IBSEN'S MORAL IDEALS
The principles of Ibsen's teaching, his moral ethic, was that honesty in facing facts is the first
requisite of a decent life. Human nature has dark recesses which must be explored and
illuminated; life has pitfalls which must be recognized to be avoided; and society has humbugs,
hypocrisies, and obscure diseases which must be revealed before they can be cured. To
recognize these facts is not pessimism; it is the moral obligation laid upon intelligent people. To
face the problems thus exposed, however, requires courage, honesty, and faith in the ultimate
worth of the human soul. Man must be educated until he is not only intelligent enough, but
courageous enough to work out his salvation through patient endurance and nobler ideals.
Democracy, as a cure-all, is just as much a failure as any other form of government; since the
majority in politics, society, or religion is always torpid and content with easy measures. It is the
intelligent and morally heroic minority which has always led, and always will lead, the human
family on its upward march. Nevertheless, we alone can help ourselves; no help can come from
without. Furthermore -- and this is a vital point in understanding Ibsen -- experience and life are a
happiness in themselves, not merely a means to happiness; and in the end good must prevail.
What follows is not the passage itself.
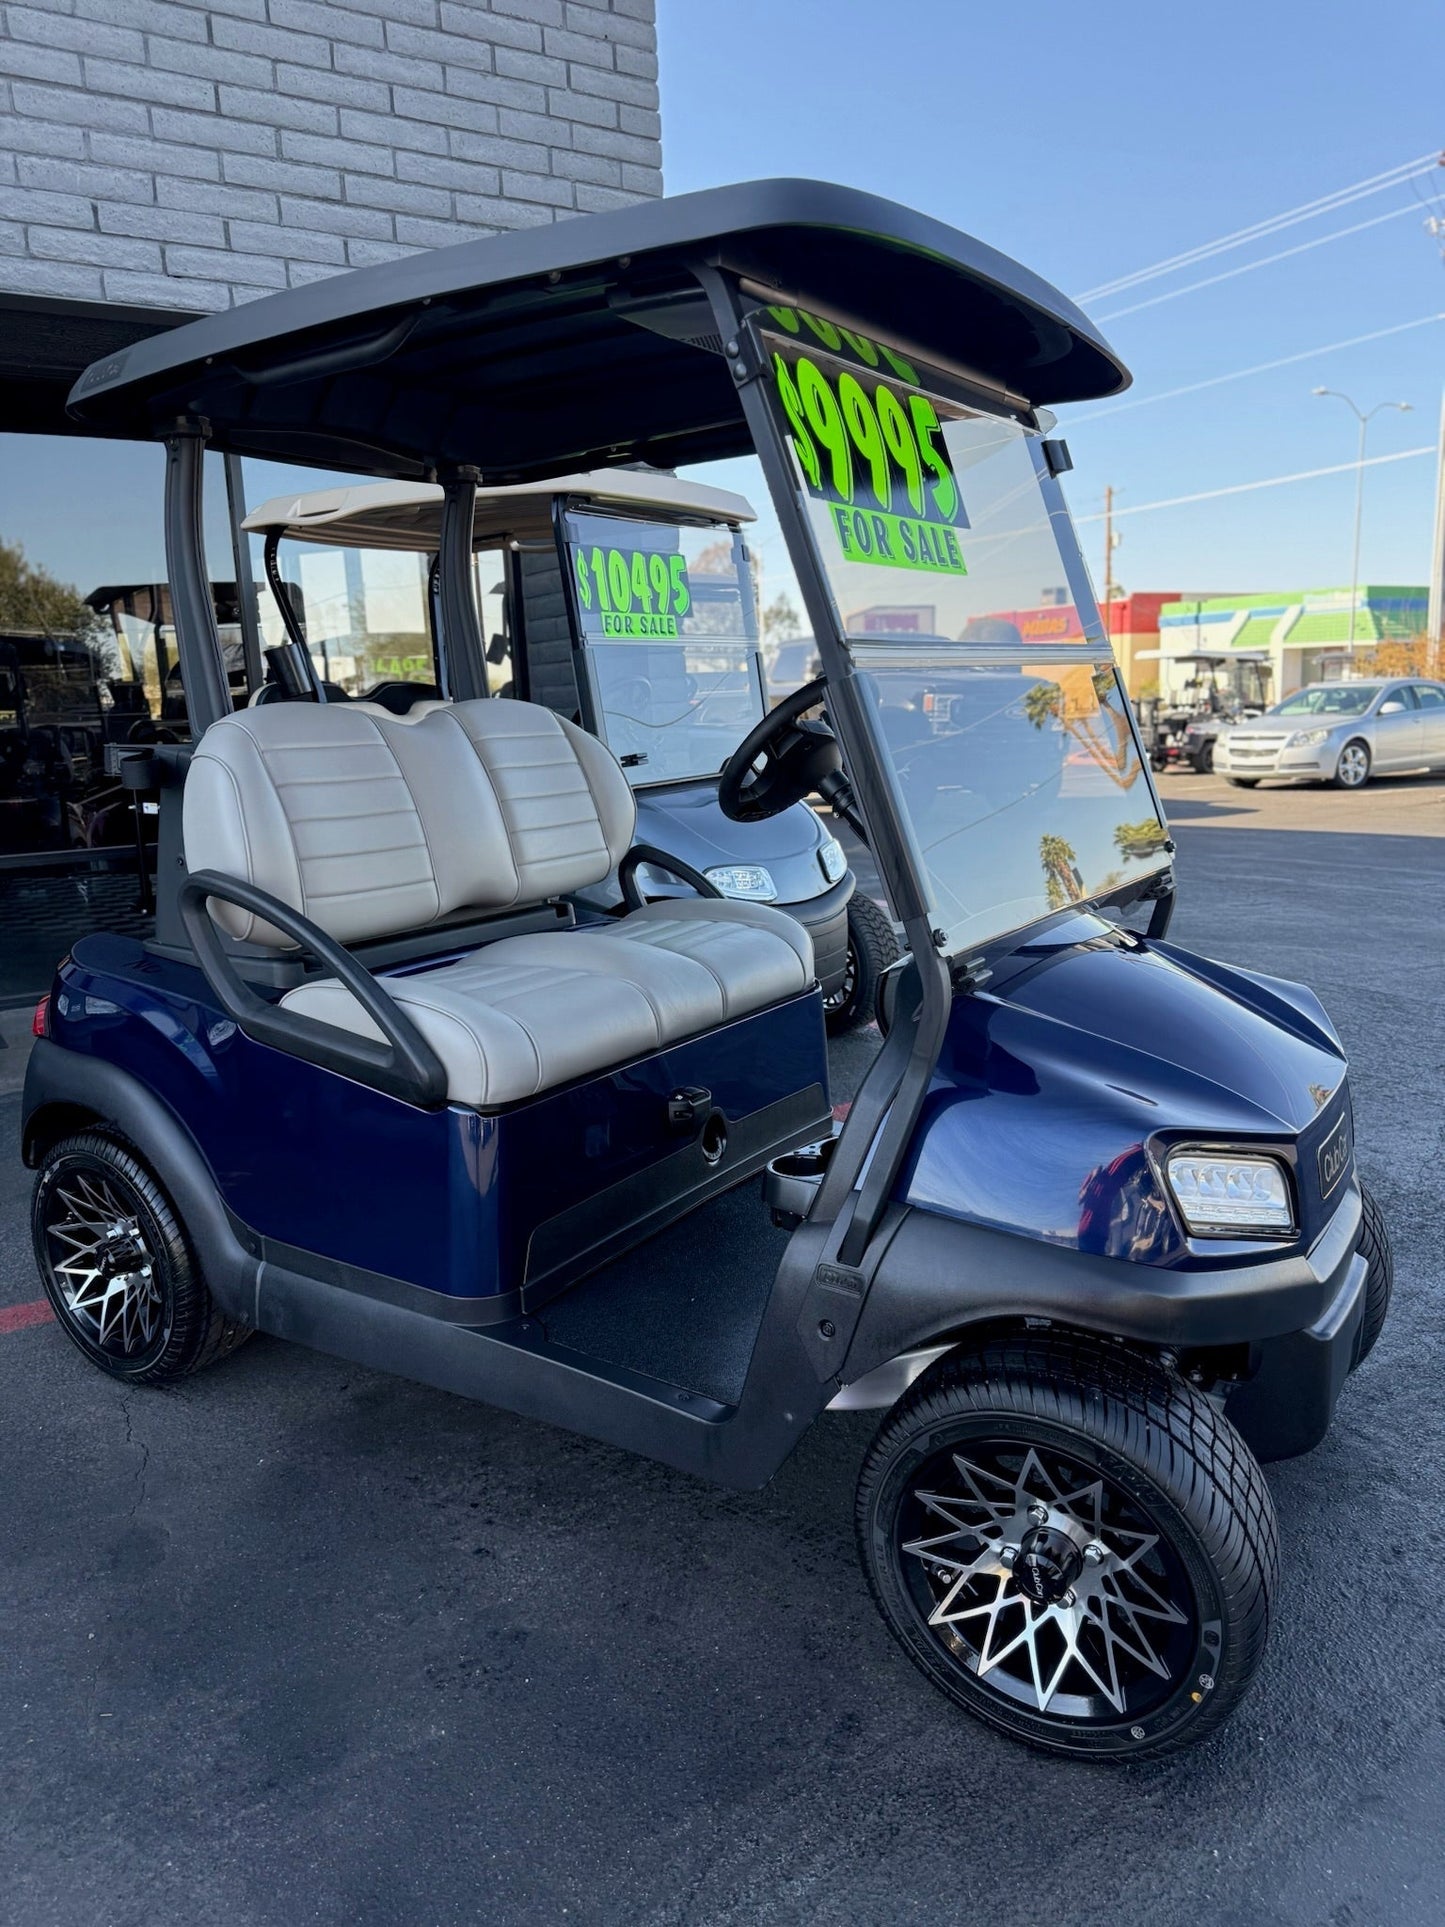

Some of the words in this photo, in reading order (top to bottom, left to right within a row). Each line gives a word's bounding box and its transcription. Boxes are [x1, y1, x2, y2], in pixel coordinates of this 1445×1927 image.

Such are some of the ideas that can be distilled from the substance of Ibsen's plays.
On the plane of practical methods Ibsen preached the emancipation of the individual, especially
of woman. He laid great stress upon the principle of heredity. He made many studies of
disordered minds, and analyzed relentlessly the common relationships -- sister and brother,
husband and wife, father and son. There is much in these relationships, he seems to say, that is
based on sentimentalism, on a desire to dominate, on hypocrisy and lies. He pictured the
unscrupulous financier, the artist who gives up love for the fancied demands of his art, the
unmarried woman who has been the drudge and the unthanked burden-bearer -- all with a cool
detachment which cloaks, but does not conceal, the passionate moralist.
From the seventh decade of the last century to his last play in 1899, the storm of criticism,
resentment, and denunciation scarcely ceased. On the other hand, the prophet and artist which
were united in Ibsen's nature found many champions and friends. In Germany he was hailed as
the leader of the new era; in England his champion, William Archer, fought many a battle for him;
but in the end no one could escape his example. Young playwrights learned from him, reformers
adopted his ideas, and moralists quoted from him as from a sacred book. His plays scorched, but
they fascinated the rising generation, and they stuck to the boards. Psychologists discovered a
depth of meaning and of human understanding in his delineation of character. He did not found a
school, for every school became his debtor. He did not have followers, for every succeeding
playwright was forced in a measure to learn from him.